Better Organized, Bigger Actions

Just think how much more the Occupy Movement would have accomplished had there been national coordination and support for each local Occupy group.

In this regard, the mass movement against the Vietnam War offers a contrasting and successful example. The movement started very small in the early-1960s with a loose assortment of radicals, peace activists, pacifists and students.

The country was overwhelming pro-war, so there was no powerful or reputable national organization on our side that would serve as our anchor.

The situation was much like what we see today where grassroots support against police brutality exists without any credible national organization having the authority to pull it all together.

The student antiwar movement solution was to get itself organized, very well organized, by holding periodic national conferences that were democratic and open to everyone who was against the war. Conferences maintained broad unity by focusing on Vietnam’s right to self-determination, declining to come up with a full program to solve all our social problems where there were a variety of opinions.

One of these conferences in 1969, I recall, drew 5000 organizers to Cleveland’s Case Western Reserve University where we voted to support two major nationally coordinated protests within a month of each other.

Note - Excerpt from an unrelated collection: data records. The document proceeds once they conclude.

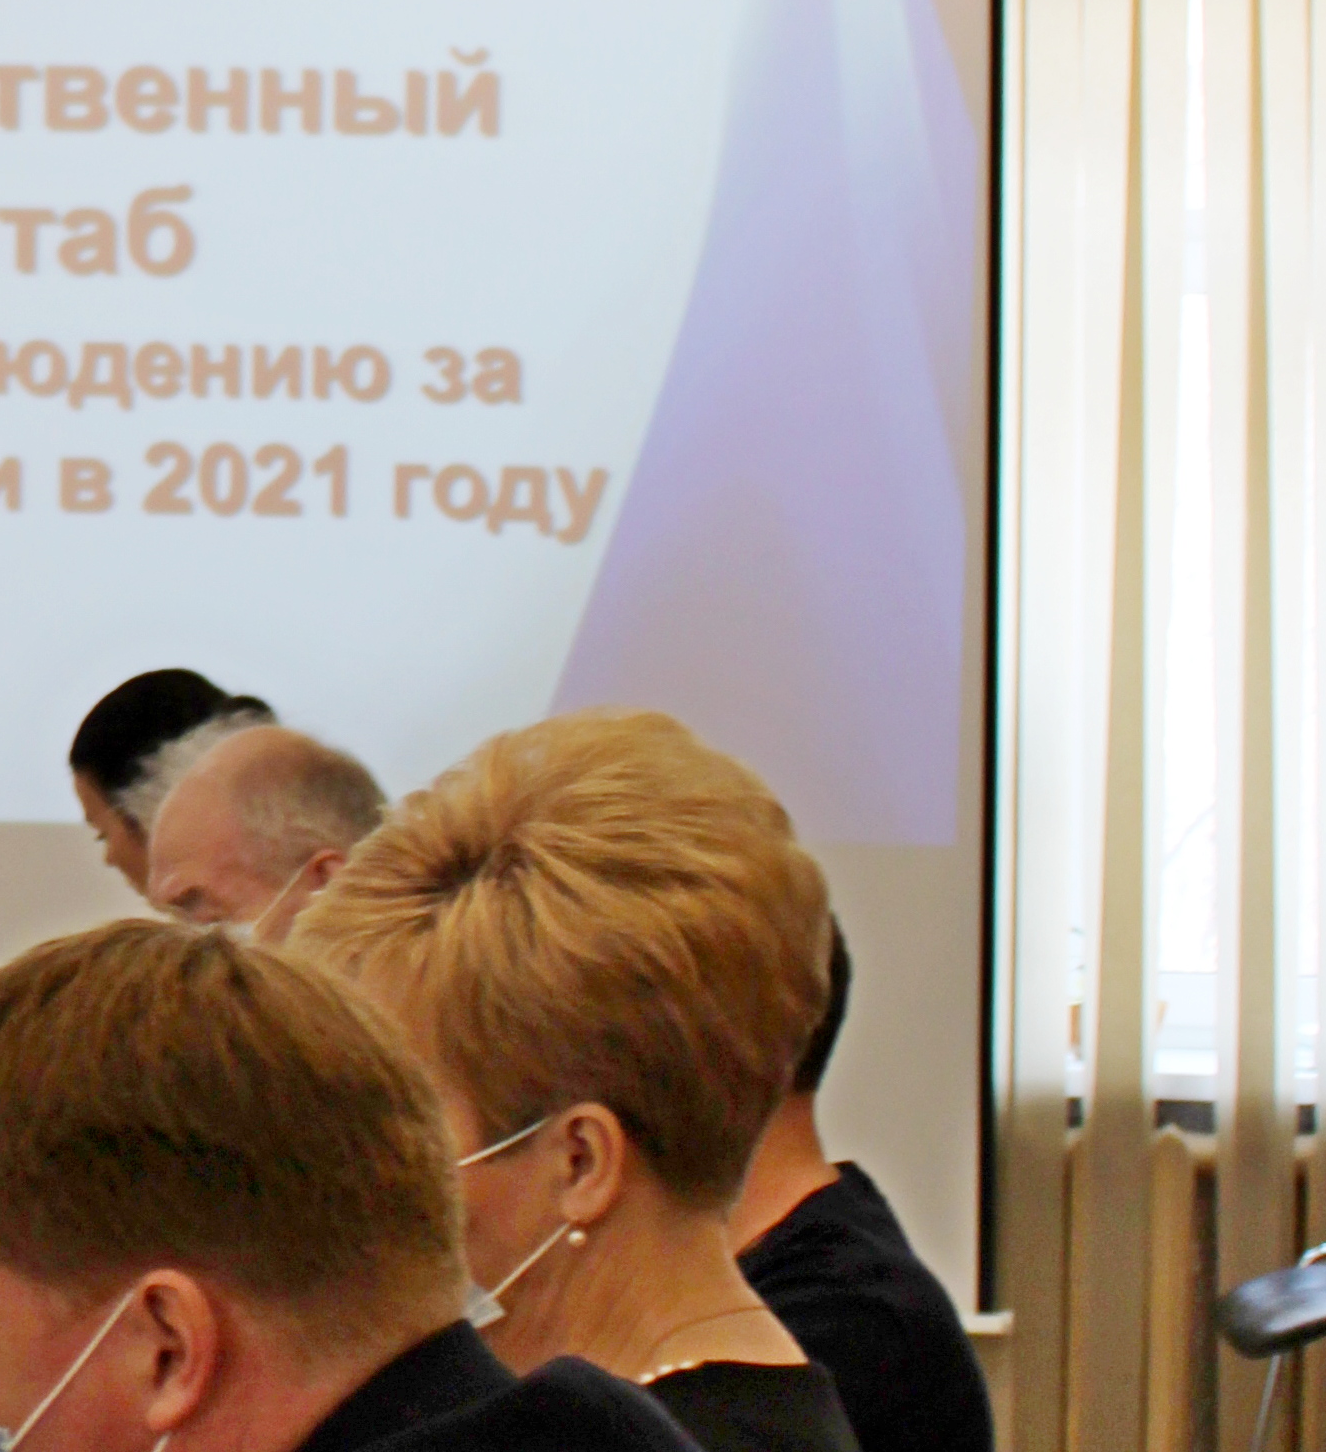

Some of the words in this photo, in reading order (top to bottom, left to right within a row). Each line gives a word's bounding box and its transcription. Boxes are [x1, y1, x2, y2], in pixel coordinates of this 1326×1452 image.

[419, 344, 523, 406] за
[59, 458, 112, 514] в
[142, 442, 352, 518] 2021
[393, 457, 610, 544] году
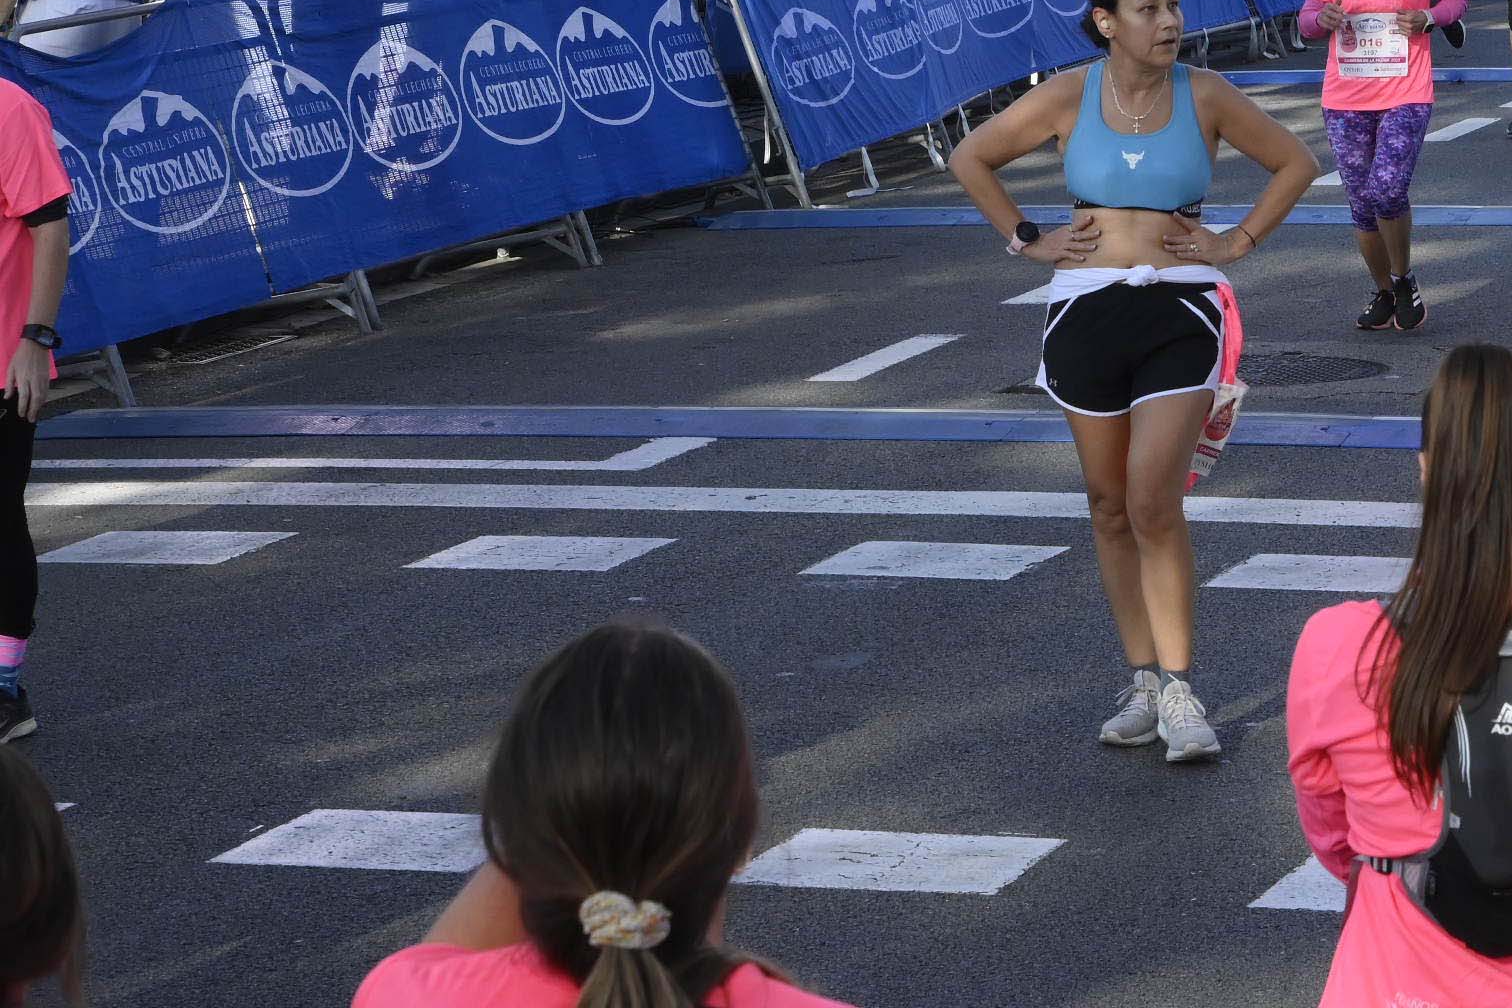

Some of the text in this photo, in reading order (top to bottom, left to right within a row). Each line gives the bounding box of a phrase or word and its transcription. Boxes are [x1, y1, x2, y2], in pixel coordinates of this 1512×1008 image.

[573, 43, 633, 62] CENTRAL LECHERA
[1359, 38, 1383, 48] 016
[479, 57, 547, 79] CENTRAL LECHERA
[565, 55, 651, 101] ASTURIANA
[469, 70, 562, 119] ASTURIANA
[122, 138, 167, 158] CENTRAL
[243, 117, 348, 169] ASTURIANA
[111, 145, 225, 206] ASTURIANA
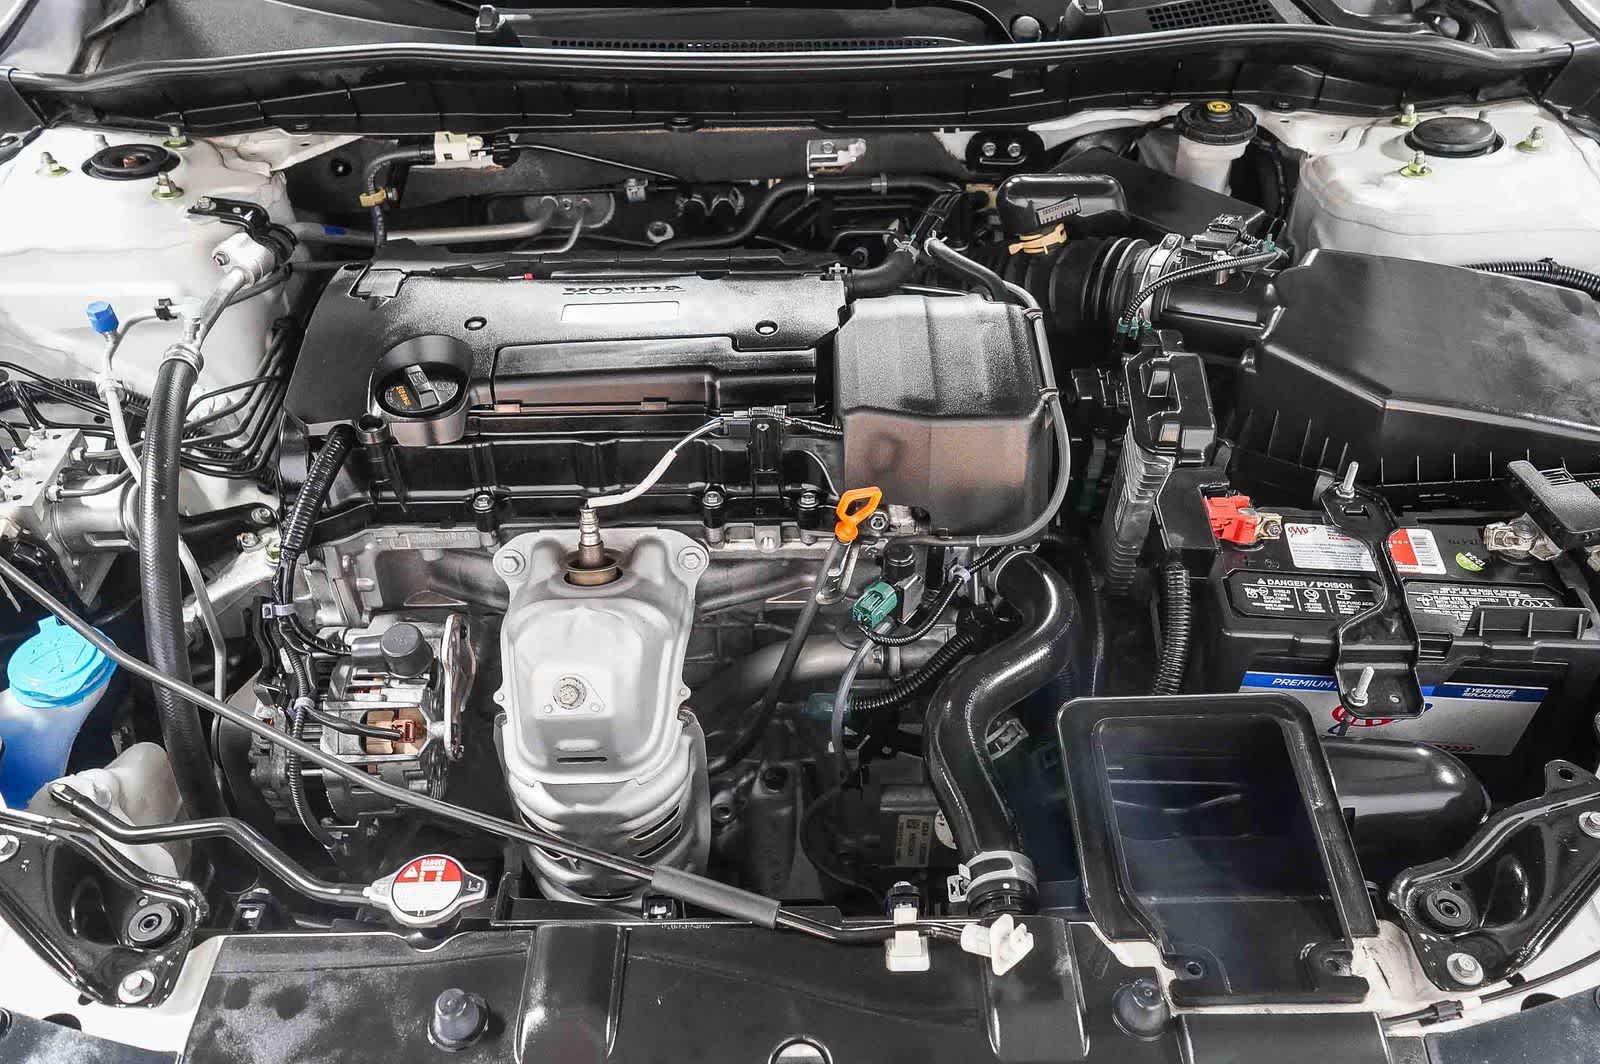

One was a series of local actions in hundreds of cities and one was the enormously successful first National Moratorium held in Washington DC that attracted over 600,000.

Assembling thousands of organizers from across the country to discuss an action agenda was instrumental in maintaining a united national movement and keeping momentum going against persistent pro-war government propaganda and FBI COINTELPRO and police provocations.

Ultimately, these actions swung majority sentiment against the war. In fact, the organized movement’s impact on the war-weary population lasted for years.

Politicians continually complained in the following decade about what they termed the “Vietnam Syndrome” for limiting the government’s ability to militarily intervene abroad…exactly.

History reveals time and again that reform movements achieve their goals more effectively when they improve their level of organization.

Go National

The Ferguson and New York anti-racist movements have earned great authority with Black Lives Matter making very good efforts to keep the movement going.

This is important because regularly demonstrating locally inevitably tends to exhaust activists if they do not feel a direct connection to a larger national movement.

Therefore, I hope they go even further to project themselves forward nationally, along with other allies they identify, by calling a national conference where activists can collectively discuss the main justice issues and where nationally coordinated actions can be announced.

This would be an opportunity to pool the strength of local movements and attract allies from the community, religious groups and other working-class movements like unions, the Fight for $15 and Our Walmart.

Otherwise, more established and more conservative forces will continue to insert themselves as leaders and bypass the new movement which essentially is more grass roots, more youthful and more militant than anything since the great Civil Rights Movement.

Learning from the past, we can say with confidence that if the level of organization and coordination matches the commitment and devotion of this new generation, the struggle will surely carry to the next level.

Carl Finamore was chair of the Univ. of Ill. (Chicago) campus antiwar committee and of the Chicago City-Wide Strike Committee that coordinated campus shutdowns and a protest of 50,000 in response to the 1970 killings at Kent State and Jackson State. After leaving Chicago, he was an organizer for antiwar coalitions in New York City and Los Angeles until the war’s end.